As part of the sales strategy, optimize the organization of your sales content, assets such as eBooks, reports, and case studies. Your salespeople must be able to find the right piece of content at a critical moment. As well as sales content, this library should have email templates and case studies to answer buyer questions and inform about your products and services. To amplify this point, this article explains why sales teams typically spend 33% of their time finding and developing content for their sales process. By addressing the content gap for sales, your salespeople gain an instant productivity boost.
Your sales enablement tools should also include automation sequences of content delivery via pre-planned email events and other integrated channels. When all these elements of your Sales Enablement suite work together properly, they create a seamlessly integrated stream of content for prospects and sales knows how each content element impacts the interest, experiences, and decisions of your prospects.
Sales Enablement is the supporting assets (content, methodology, and technology) that give your sales team the highest probability of identifying the right prospects, nurturing them, and converting them into customers. When all of the components of the sales enablement system (part of a CRM) align, sales enablement gives your business a powerful set of tools and assets that help to drive top-line sales. What do you do if your sales enablement initiative is not producing the desired results? To explore this question, let's first define sales enablement.

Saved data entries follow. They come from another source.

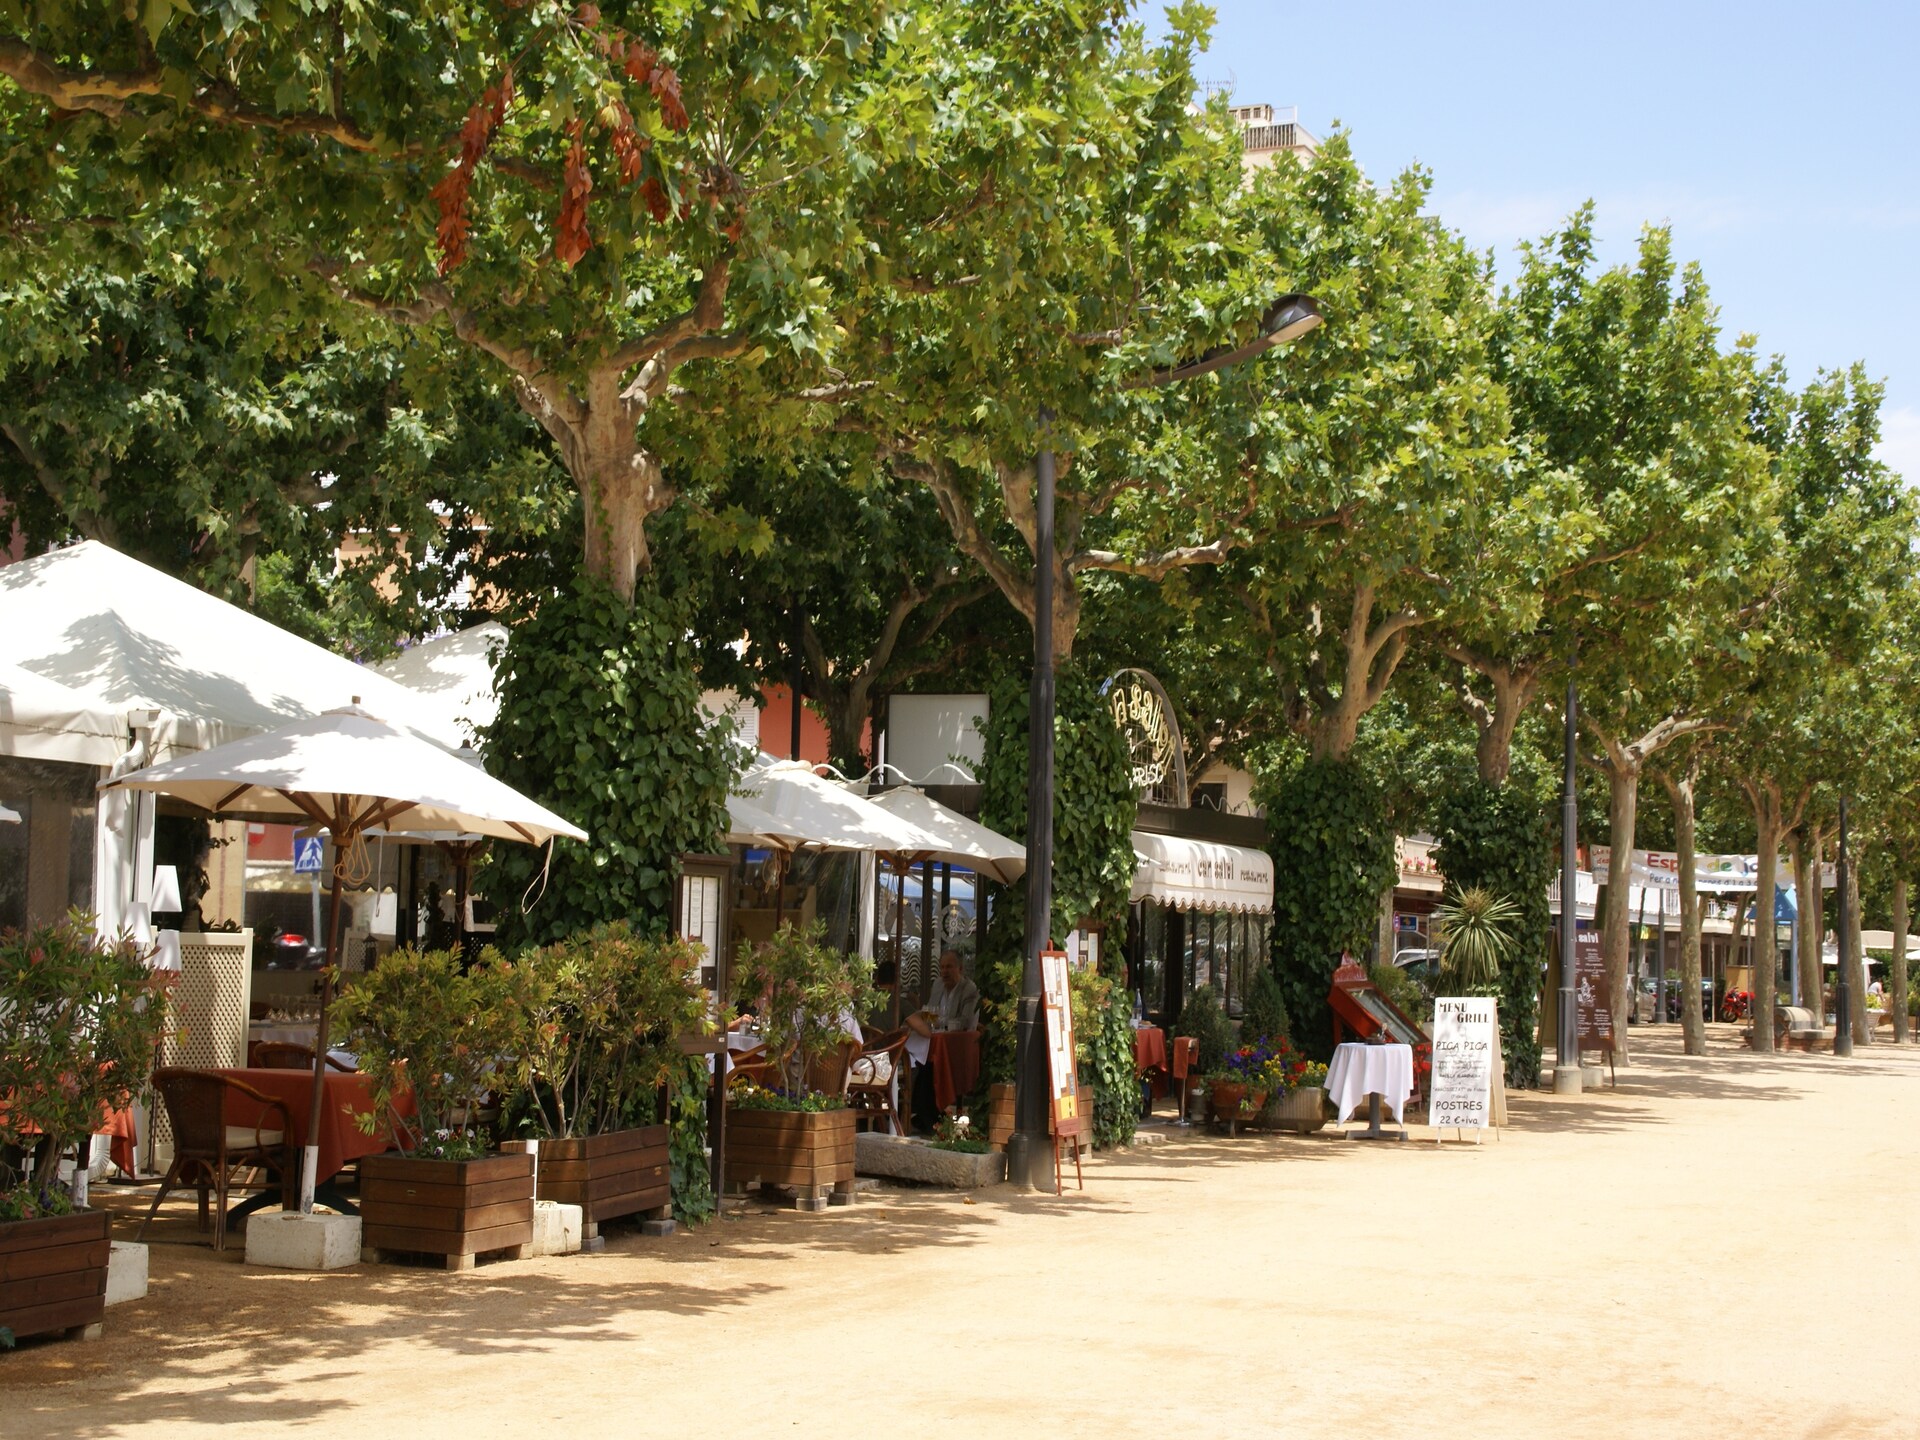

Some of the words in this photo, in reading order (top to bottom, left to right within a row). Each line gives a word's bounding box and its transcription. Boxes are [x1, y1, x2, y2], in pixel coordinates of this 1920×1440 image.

[1706, 858, 1732, 872] de
[1649, 873, 1663, 884] Per
[1439, 1002, 1467, 1012] MENU
[1457, 1013, 1489, 1023] GRILL
[1435, 1041, 1459, 1051] PICA
[1464, 1041, 1488, 1051] PICA
[1435, 1101, 1483, 1111] POSTRES
[1440, 1115, 1451, 1124] 22
[1454, 1115, 1478, 1124] €+iva
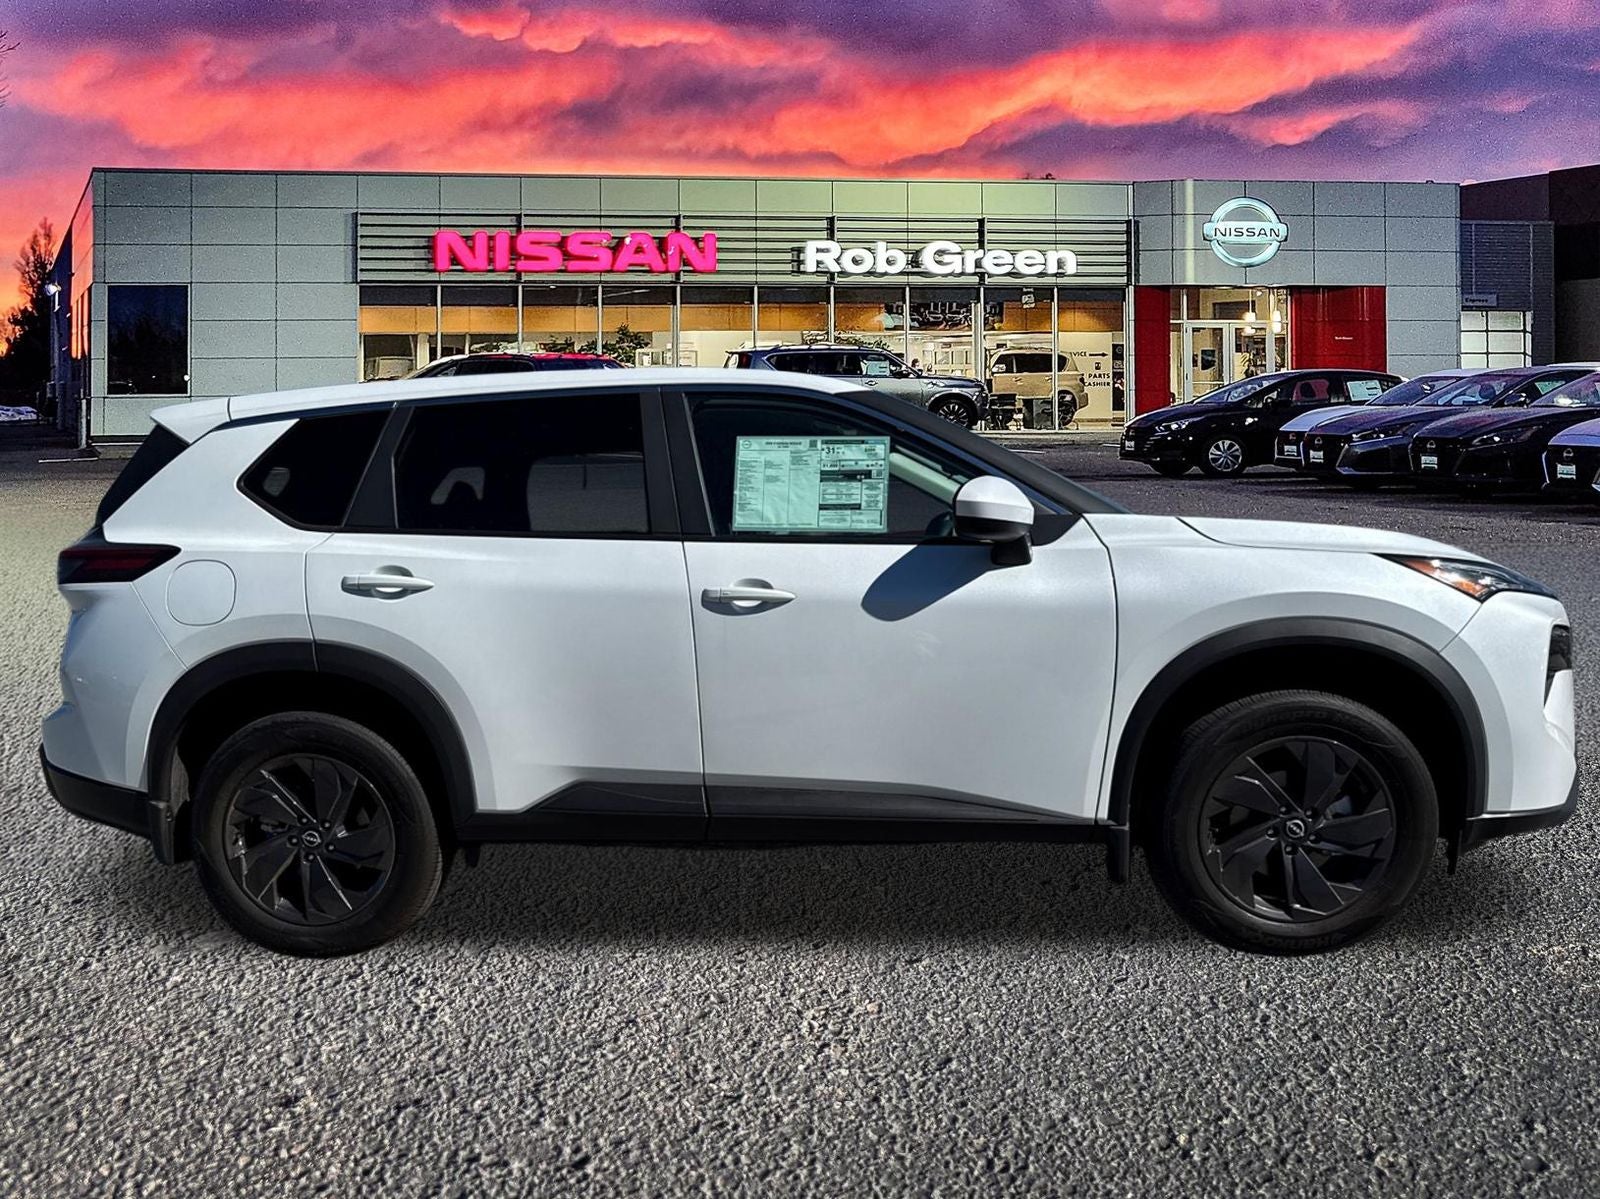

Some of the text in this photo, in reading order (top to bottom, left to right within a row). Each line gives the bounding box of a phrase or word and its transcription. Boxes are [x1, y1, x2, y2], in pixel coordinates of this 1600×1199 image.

[1214, 227, 1280, 238] NISSAN
[433, 230, 718, 273] NISSAN
[805, 240, 1078, 275] Rob Green
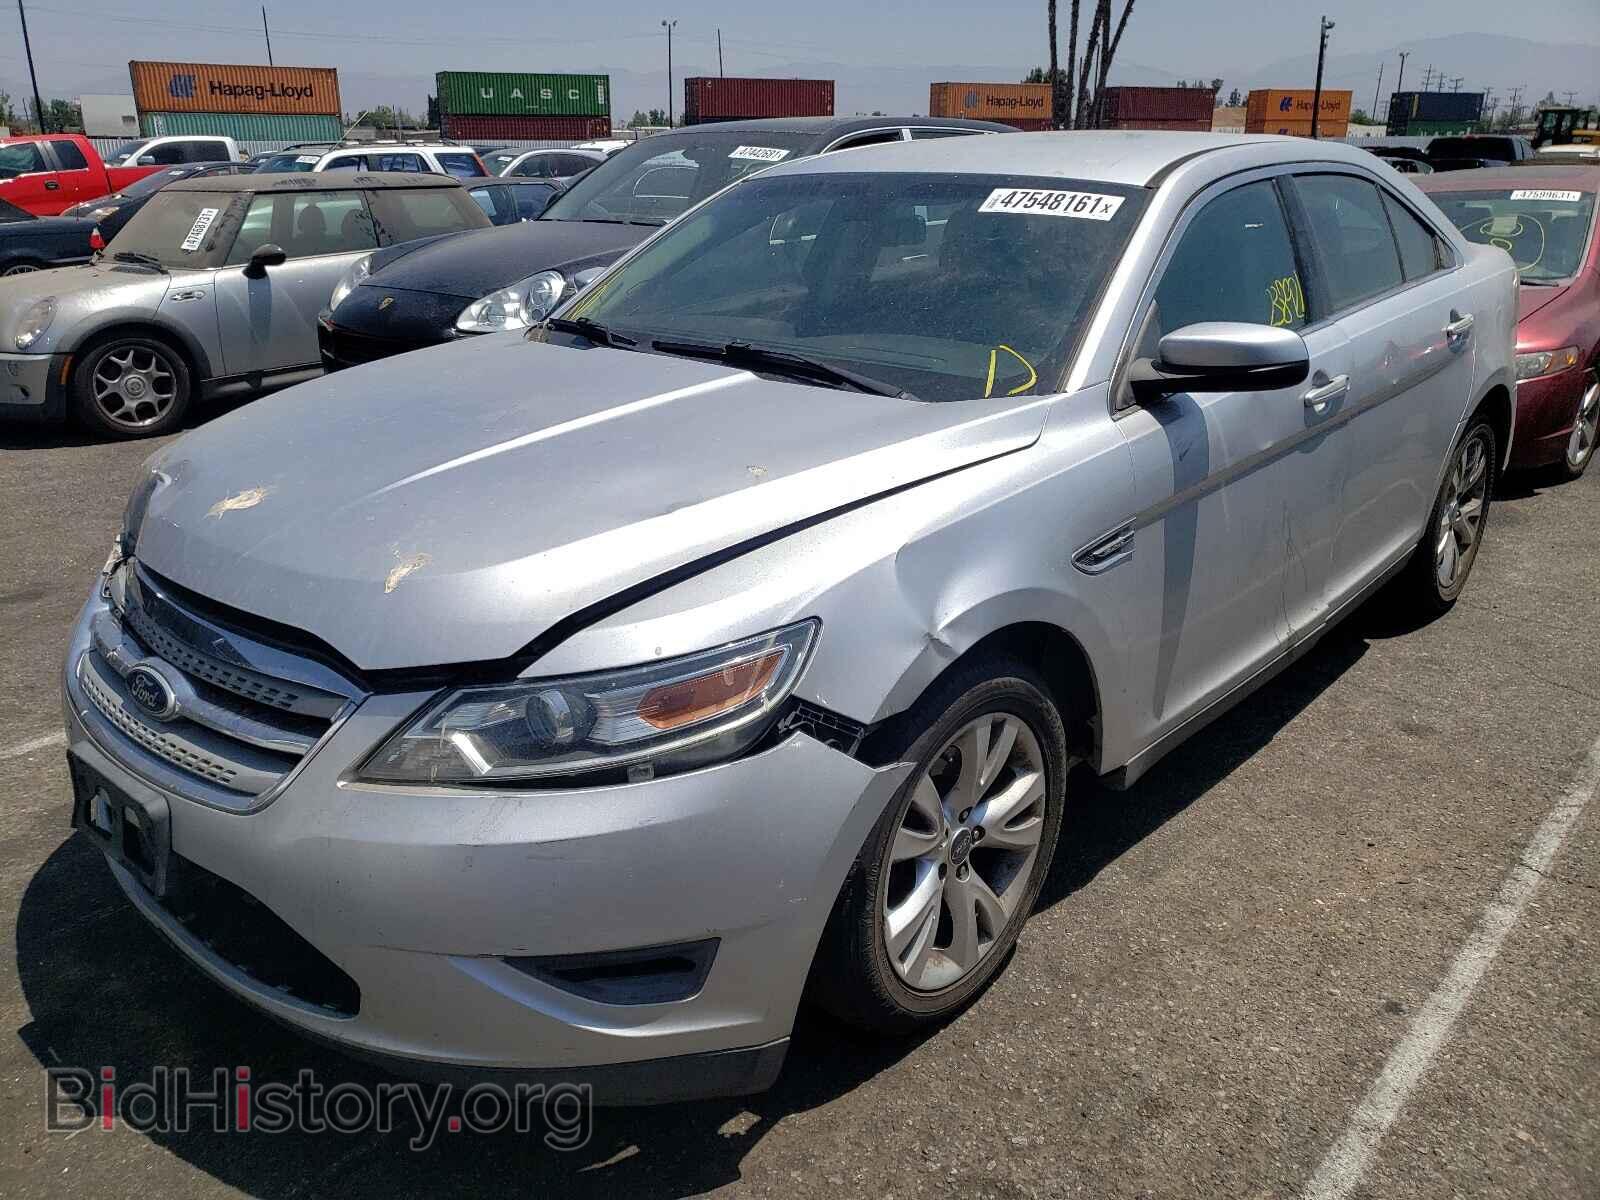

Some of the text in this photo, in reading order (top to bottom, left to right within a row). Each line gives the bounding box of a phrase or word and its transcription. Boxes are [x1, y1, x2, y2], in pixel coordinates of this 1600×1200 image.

[209, 80, 314, 100] Hapag-Lloyd
[985, 95, 1044, 110] Hapag-Lloyd
[1000, 190, 1104, 213] 47548161
[984, 344, 1039, 399] D
[131, 674, 160, 707] Ford

For Sales Enablement to work, it must be powered with the right content, which means that the marketing team must be partnered with sales and deliver the types of content that are effective in the sales process. Every sales manager will tell you to scale sales, the sales CRM and its tools must be aligned with a process that works best for your business. In this digital world, look into how your sales process engages your ideal customer. Pair the content and methodology with sales enablement tools that amplify your sales process and enable sales to focus on the activities that deliver the most value to prospects and your business.
Sometimes the change (or optimizations described above) is difficult for organizations. Sales Enablement initiatives (or the CRM it is built upon) do not always deliver on their promise when all three elements (content, methodology, and technology) are not addressed. It is exactly like having a process with a broken step in the middle. So, what do you do if sales enablement is not working for your business?
The reason that a set of sales enablement tools does not achieve the expected results might be unique. They’ll depend on the personal needs of the prospect and many other factors. However, as the approach matures, you’ll likely find several specific types of failures emerge.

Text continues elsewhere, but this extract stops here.